Back On Track Together
SO frustrated
I have done everything right. Yesterday was the picture perfect meal plans for a day and I woke up with a two pound gain today. WHat gives? I'm so frustrated. How can I have gained 2 pounds? I'm going to work on drinking more water today because the only thing I can figure is that I'm retaining water. It doesn't matter how the weight came on over night just that it did. I'm so frustrated and disappointed. I feel like a big fat failure. I had only been to 17 lb loss and now I'm up 2 lbs. I pray that drinking more water today gets me the loss that I gained. I can't believe I've gained 2 pounds, TWO POUNDS. that is ridiculous.
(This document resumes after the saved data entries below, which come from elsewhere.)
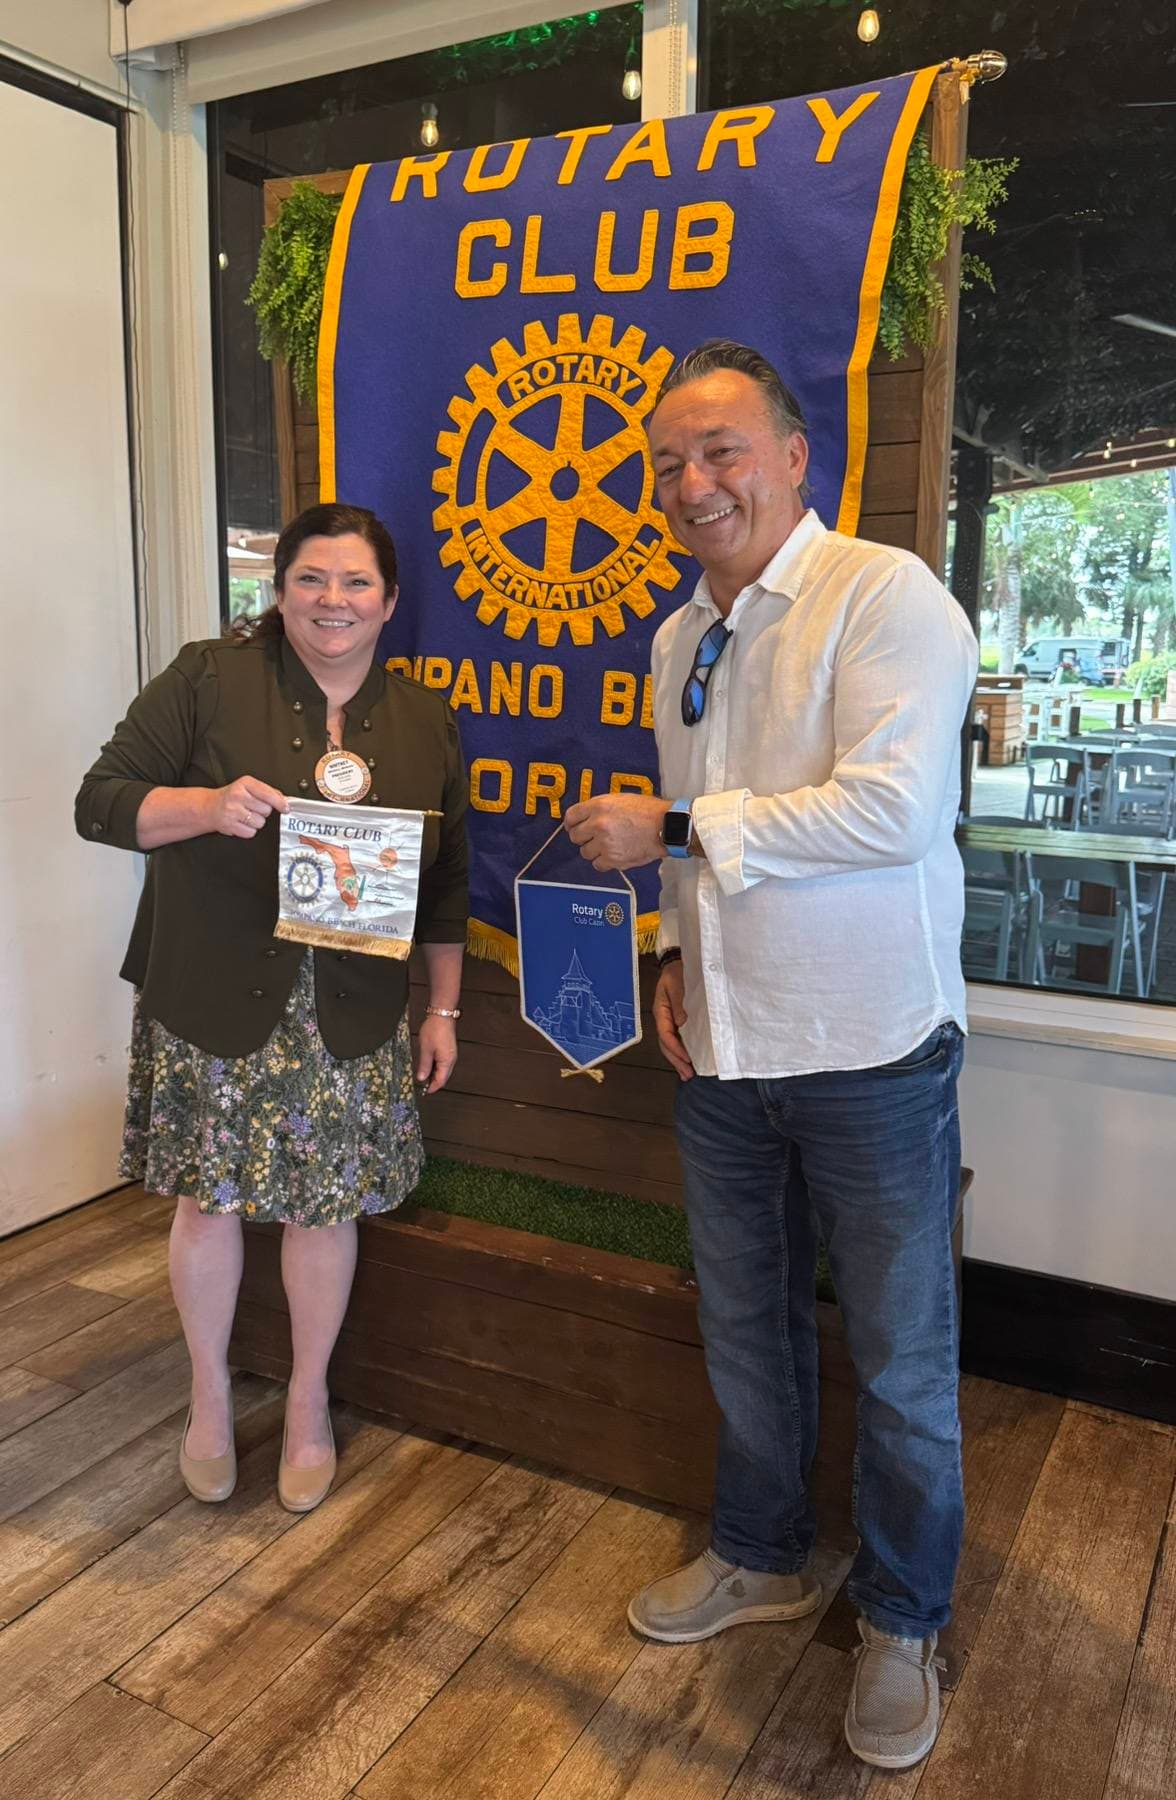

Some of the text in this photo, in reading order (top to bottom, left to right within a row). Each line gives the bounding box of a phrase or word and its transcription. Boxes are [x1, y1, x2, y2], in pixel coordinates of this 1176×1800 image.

[390, 91, 881, 202] ROTARY
[454, 201, 735, 298] CLUB
[506, 354, 643, 402] ROTARY
[464, 526, 661, 609] INTERNATIONAL
[288, 817, 382, 842] ROTARY CLUB
[358, 922, 398, 935] FLORIDA
[572, 903, 603, 919] Rotary
[574, 916, 588, 925] Club
I hate my body and it's way of messing with me just when I think I'm doing good.
on 12/13/16 5:18 am
No one likes to see the number on the scale go up. And nothing anyone can say can completely make that anger go away. But try to remind yourself that those numbers are not 100 percent accurate! If you KNOW you have been eating right then it is impossible for you to have gained 2 TRUE pounds right? For me, if I eat a bowl of chili or anything really salty, the scale will go up as much as 4 pounds for a day or even at times 2 (talk about a scare)! But then drop back down and often go even lower because my weight was actually going down but the salt caused me to hold water-not pounds. If this makes sense? It's frustrating, we work so hard to see the number on the scale go down! It never seems fair when it goes up and often is just a mystery. But over time I have come to know certain foods/meals do that to me. I don't avoid them, I just prepare myself for it so it isn't such a shock to me. Increasing your water is never a bad idea, but beating yourself up over it when you have done nothing wrong is! Give it a day or even two and see if your body stabilizes.
Thanks Brandi,
I was up at 3 when I weighed myself. I stayed up for an hour and in that time i drank 24 oz of water. I went back to sleep and slept for two hours. When I woke up again I was down one of the two pounds that I had gained. So I'm hoping if I keep my water high today that tomorrow the weight will come off but boy did that scare me. I don't want to gain. I'm So glad the one pound came off. I can't wait till I'm at goal and I don't have to panic over a pound or two. I can just get back on track till it's off.
on 12/13/16 6:10 am
I understand what you mean about having less pressure when you get to goal. While I was at goal for a couple of years it was nice to not worry so much because by then I understood my weight would fluctuate a few pounds often but always go back to about the same. But then for me something happened that I promised myself would NEVER happen and I still am ashamed that I let happen. I not only got comfortable and too relaxed with my eating I lied to myself. I remember when it started. I started to eat a 'few' sweets. I would nervously get on the scale the next day dreading to see some huge gain in weight and often it would show nothing! What? I ate a whole candy bar and no gain at all? How could this be? Then it happened more and more and too this day it seems odd to me. If I even smell a candy bar today the scale goes up!! I started to lie to myself and think maybe this surgery I had really was some kind of miracle. Maybe it had turned me into one of those people we all know who can naturally eat anything and never gain a pound! It did NOT!!! It CAN NOT!!! But by the time I stopped lying to myself that damage of weight gain was done and now I find myself fighting just as hard (almost) as I had to before I had the surgery! This mistake I won't make again. Bad food choices will always be bad and I will always have to be very aware of what and how much I eat.